Additionally, an adhesive layer is commonly used to adhere the
backing layer to the polishing platen. Since the polishing layer
and the backing layer are typically composed of different
materials, the optical transparency of the materials also differs.
Most materials used as a polishing layer are opaque to light over a
wavelength range useful for end-point detection. Many of the
materials used to construct a backing layer, however, are
transparent to light. Accordingly, polishing pads have been
fabricated in which sections of the polishing layer are removed and
replaced with an optically transparent material. Although this
technique is effective at creating an optical pathway, it involves
relatively complex processing techniques. In one common process, a
section of the polishing layer is removed and an optically
transparent material is stitched into the opening. This type of
process is time consuming and increases the cost of a polishing pad
produced by this method. Accordingly, more efficient process
techniques are necessary to fabricate polishing pads having
optically transparent regions to enable end-point detection.
BRIEF SUMMARY OF THE INVENTION
[0007] The present invention is for a method of fabricating a
polishing pad having an optical window. The method includes
providing a pad material having a polishing layer overlying a
substantially optically transparent layer. A portion of the
polishing layer is removed, such that an underlying portion of the
optically transparent layer is exposed. Since the underlying
substantially optically transparent layer is not pierced when the
portion of the polishing layer is removed, the process of the
invention provides an optical pathway without producing a leakage
path for polishing slurry.
[0008] In one embodiment of the invention, the portion of the
polishing layer is removed by cutting away the polishing layer
using a cutting tool. The cutting tool cuts away a portion of the
polishing layer from the substantially optically transparent layer,
while the pad material is moved relative to the assembly holding
the cutting tool. The cutting tool and pad material are brought
into motion relative to one another, such that a precisely defined
portion of the polishing layer is removed by the cutting tool.

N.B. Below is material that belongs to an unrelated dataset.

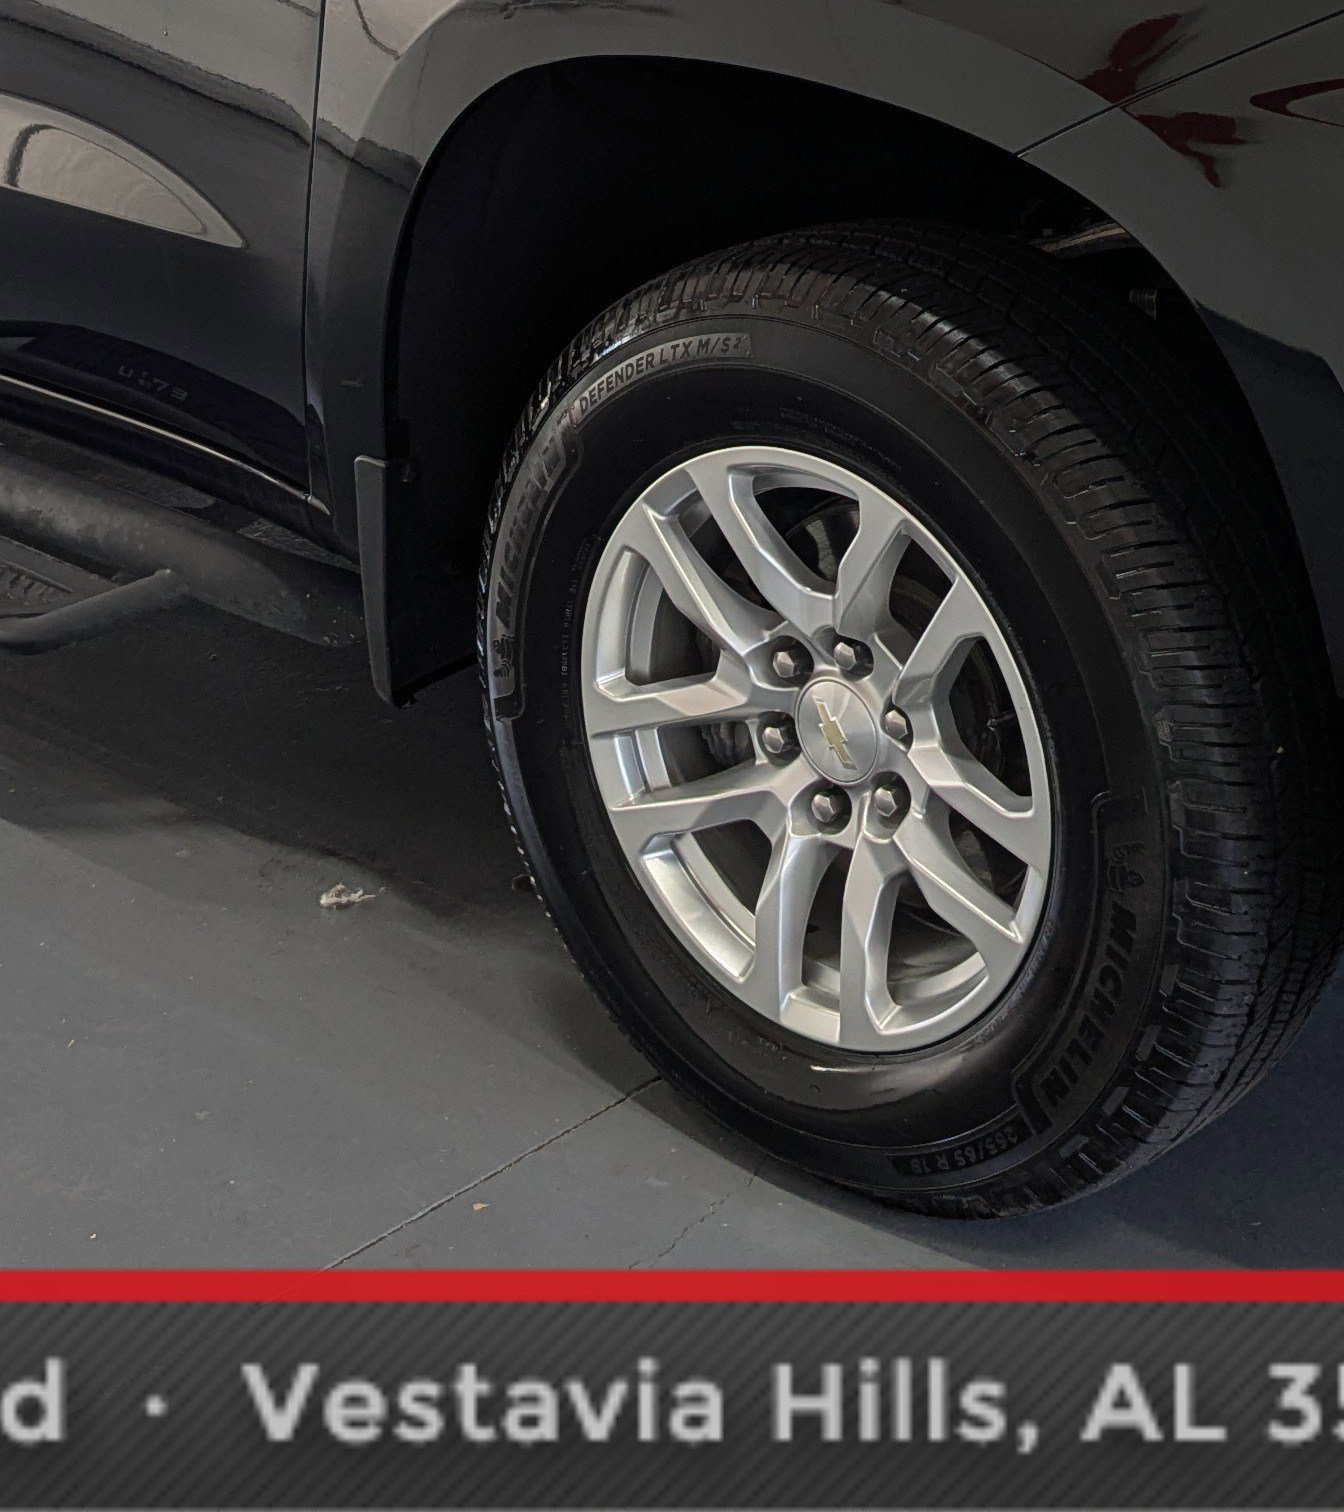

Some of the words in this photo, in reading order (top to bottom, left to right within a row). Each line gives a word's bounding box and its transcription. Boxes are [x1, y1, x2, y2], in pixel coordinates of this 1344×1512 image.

[578, 356, 656, 415] DEFENDER
[658, 340, 693, 366] LTX
[1040, 899, 1138, 1109] MICHELIN
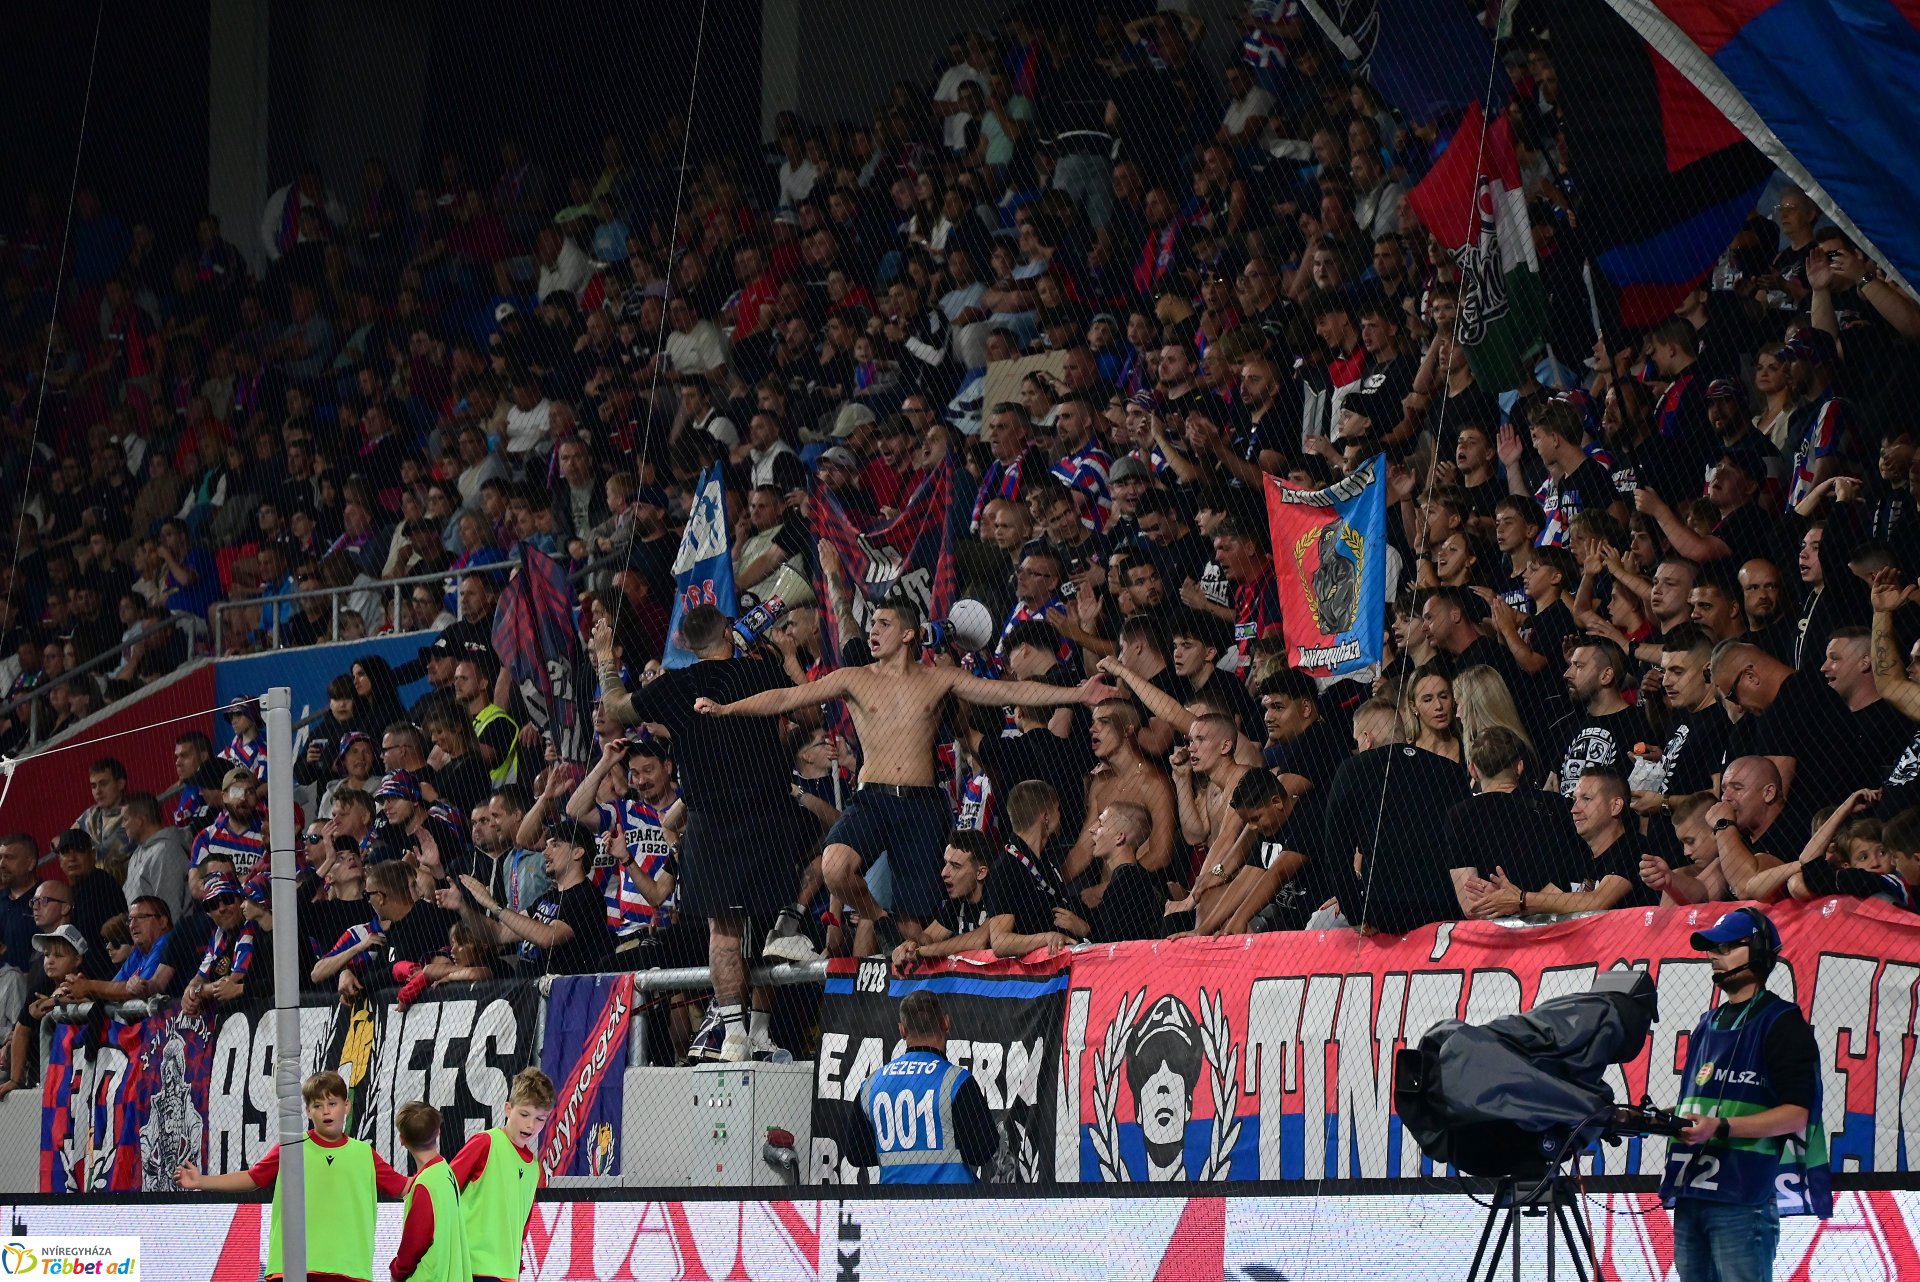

Automation of the cutting process enables the rapid formation of an
optical pathway in a polishing pad, and further enables a reduction
in the processing time necessary to fabricate such a polishing
pad.
[0009] In a specific embodiment of the invention, the pad material
is placed on a flat cutting surface and a cutting tool is
transversely mounted to a carriage assembly. In the fabrication
process, the carriage assembly and cutting surface are moved toward
one another at substantially a right angle. A rotating disk having
a plurality of cutting teeth arranged on the perimeter surface of
the disk makes contact with the polishing layer, such that a
controlled amount of polishing layer material is removed from the
substantially optically transparent layer.
BRIEF DESCRIPTION THE DRAWINGS
[0010] FIG. 1 illustrates a top view of a circular polishing pad
having an optical window therein;
[0011] FIG. 2 illustrates a perspective view of a belt-type
polishing pad having an optical window therein;
[0012] FIG. 3 illustrates, in cross-section, a portion of a
polishing pad fabricated in accordance with the invention;
[0013] FIGS. 4 and 5 are elevational views of an apparatus useful
for carrying the process in accordance with the invention;
[0014] FIG. 6 is a perspective view of a cutting tool configured in
accordance with one aspect of the invention that is useful for
carrying out the process in accordance with the invention; and
[0015] FIG. 7 is perspective view of a cutting disk configured in
accordance with one aspect of the invention that is useful for
carrying out a process in accordance with the invention.
[0016] It will be appreciated that for simplicity and clarity of
illustration, elements shown in the Figures have not necessarily
been drawn to scale. For example, the dimensions of some of the
elements are exaggerated relative to each other for clarity.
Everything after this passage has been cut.